Problem with near_text Query and Metadata Filtering in Weaviate

  • Weaviate Server Version: 1.27.0
  • Deployment Method: docker
  • Multi Node? Number of Running Nodes: single node
  • Client Language and Version: Client: 4.9.3, python
  • Multitenancy?: no

I’m encountering an issue with filtering results in Weaviate using the near_text query.

First of all:


client.collections.create(
    name="RAG",
    properties=[
        wc.Property(name="transcription", data_type=wc.DataType.TEXT),
        wc.Property(name="data", data_type=wc.DataType.DATE, inverted_index_config={"IndexTimestamps": True}),
        wc.Property(name="hora_inicio_video", data_type=wc.DataType.TEXT),
        wc.Property(name="hora_fim_video", data_type=wc.DataType.TEXT),
        wc.Property(name="chave_unica", data_type=wc.DataType.TEXT),
        wc.Property(name="highlights_assunto", data_type=wc.DataType.TEXT_ARRAY),
        wc.Property(name="highlight_start", data_type=wc.DataType.NUMBER),
        wc.Property(name="highlight_end", data_type=wc.DataType.NUMBER),
        wc.Property(name="action_log", data_type=wc.DataType.TEXT_ARRAY),
        wc.Property(name="action_log_start", data_type=wc.DataType.NUMBER),
        wc.Property(name="action_log_end", data_type=wc.DataType.NUMBER),
        wc.Property(name="location", data_type=wc.DataType.TEXT_ARRAY),
        wc.Property(name="offset_start", data_type=wc.DataType.NUMBER),
        wc.Property(name="offset_end", data_type=wc.DataType.NUMBER)
    ],
    vectorizer_config=wc.Configure.Vectorizer.text2vec_huggingface(model="sentence-transformers/paraphrase-multilingual-MiniLM-L12-v2"),
    generative_config=wc.Configure.Generative.google(
                                                     project_id=project,
                                                     model_id="gemini-1.5-pro-preview-0514", 
                                                     temperature=0.3,
                                                    )
)

Here is my initial query that works fine:

response_time_near_text = rag.query.near_text(
    query="limpar a piscina",
    limit=1,
    return_metadata=wq.MetadataQuery(distance=True),
)

This query returns data and metadata successfully.
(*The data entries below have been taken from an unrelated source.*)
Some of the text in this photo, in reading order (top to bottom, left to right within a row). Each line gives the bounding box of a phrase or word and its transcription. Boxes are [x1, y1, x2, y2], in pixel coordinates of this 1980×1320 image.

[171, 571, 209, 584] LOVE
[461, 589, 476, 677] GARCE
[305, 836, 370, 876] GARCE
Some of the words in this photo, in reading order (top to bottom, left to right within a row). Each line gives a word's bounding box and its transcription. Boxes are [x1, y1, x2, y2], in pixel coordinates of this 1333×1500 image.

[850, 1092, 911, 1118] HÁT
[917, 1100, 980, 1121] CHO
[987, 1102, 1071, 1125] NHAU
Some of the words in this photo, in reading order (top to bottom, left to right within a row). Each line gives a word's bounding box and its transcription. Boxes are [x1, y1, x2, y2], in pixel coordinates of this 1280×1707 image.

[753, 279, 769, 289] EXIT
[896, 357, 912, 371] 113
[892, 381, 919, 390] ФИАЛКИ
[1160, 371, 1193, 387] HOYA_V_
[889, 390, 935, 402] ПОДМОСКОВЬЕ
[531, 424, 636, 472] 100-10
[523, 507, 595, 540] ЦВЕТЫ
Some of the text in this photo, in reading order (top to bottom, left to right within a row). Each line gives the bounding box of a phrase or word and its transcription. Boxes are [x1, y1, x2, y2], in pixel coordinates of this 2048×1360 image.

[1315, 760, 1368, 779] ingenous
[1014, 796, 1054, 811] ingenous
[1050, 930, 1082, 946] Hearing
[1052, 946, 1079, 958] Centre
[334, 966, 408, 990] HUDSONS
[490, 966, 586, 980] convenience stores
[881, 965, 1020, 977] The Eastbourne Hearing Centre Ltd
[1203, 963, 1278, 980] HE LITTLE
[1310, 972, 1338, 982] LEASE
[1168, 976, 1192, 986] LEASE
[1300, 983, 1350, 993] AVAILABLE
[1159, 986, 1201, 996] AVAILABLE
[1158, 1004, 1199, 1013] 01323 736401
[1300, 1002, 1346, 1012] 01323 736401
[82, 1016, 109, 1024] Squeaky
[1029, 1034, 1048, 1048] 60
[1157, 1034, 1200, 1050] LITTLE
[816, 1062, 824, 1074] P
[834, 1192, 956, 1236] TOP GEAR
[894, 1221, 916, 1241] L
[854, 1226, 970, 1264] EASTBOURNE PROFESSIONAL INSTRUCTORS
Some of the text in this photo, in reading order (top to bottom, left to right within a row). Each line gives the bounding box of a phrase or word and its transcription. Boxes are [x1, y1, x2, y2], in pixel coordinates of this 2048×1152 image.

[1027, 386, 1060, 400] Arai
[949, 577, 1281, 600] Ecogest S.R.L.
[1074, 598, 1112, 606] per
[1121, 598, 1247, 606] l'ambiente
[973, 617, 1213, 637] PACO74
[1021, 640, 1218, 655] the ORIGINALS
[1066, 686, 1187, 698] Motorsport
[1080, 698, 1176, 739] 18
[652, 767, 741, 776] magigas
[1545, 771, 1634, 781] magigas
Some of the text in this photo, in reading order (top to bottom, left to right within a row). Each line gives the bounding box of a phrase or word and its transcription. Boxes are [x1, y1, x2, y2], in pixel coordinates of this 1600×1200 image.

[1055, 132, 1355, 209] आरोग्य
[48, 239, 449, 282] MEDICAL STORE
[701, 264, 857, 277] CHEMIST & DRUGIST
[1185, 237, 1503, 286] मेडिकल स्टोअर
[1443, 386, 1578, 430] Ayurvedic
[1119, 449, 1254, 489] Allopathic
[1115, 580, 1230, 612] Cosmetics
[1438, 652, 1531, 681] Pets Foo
However, when I take one of the metadata values returned (in this case, chave_unica, but it’s the same for other metadata) and use it as an exact match filter, the query returns no results:

response_time_near_text = rag.query.near_text(
    query="limpar a piscina",
    limit=1,
    return_metadata=wq.MetadataQuery(distance=True),
    filters=wq.Filter.by_property("chave_unica").equal("060a2b340101010101010f0013-000000-00000141d33e6dbe-060e2b347f7f-2a80")
)

QueryReturn(objects=[])

The filter value "060a2b340101010101010f0013-000000-00000141d33e6dbe-060e2b347f7f-2a80" is copied exactly from the metadata returned in the first query, but with this filter applied, the query returns no results.
Additionally, if I use:

response_time_near_text = rag.query.near_text(
    query="limpar a piscina",
    limit=1,
    return_metadata=wq.MetadataQuery(distance=True),
    filters=wq.Filter.by_property("chave_unica").not_equal("60a2b340101010101010f0013-000000-00000141d33e6dbe-060e2b347f7f-2a80")
)

In other words, when I perform the query with not_equal and provide an incorrect value, the query returns data correctly.
Any advice on why this happens or how to fix it would be greatly appreciated. Thank you!

I’ve performed some additional testing.

If I populate my collection with the following code (using langchain):

def carregar_documentos(pasta):
    documentos = []
    arquivos = os.listdir(pasta)
    for arquivo in arquivos:
        caminho_completo = os.path.join(pasta, arquivo)
        if os.path.isfile(caminho_completo):
            with open(caminho_completo, 'r') as f:
                dados = json.load(f)
                documentos.extend([
                    Document(page_content=chunk['transcription'], metadata=chunk['metadata'])
                    for chunk in dados
                ])
    return documentos

documents = carregar_documentos('data/data_constructed')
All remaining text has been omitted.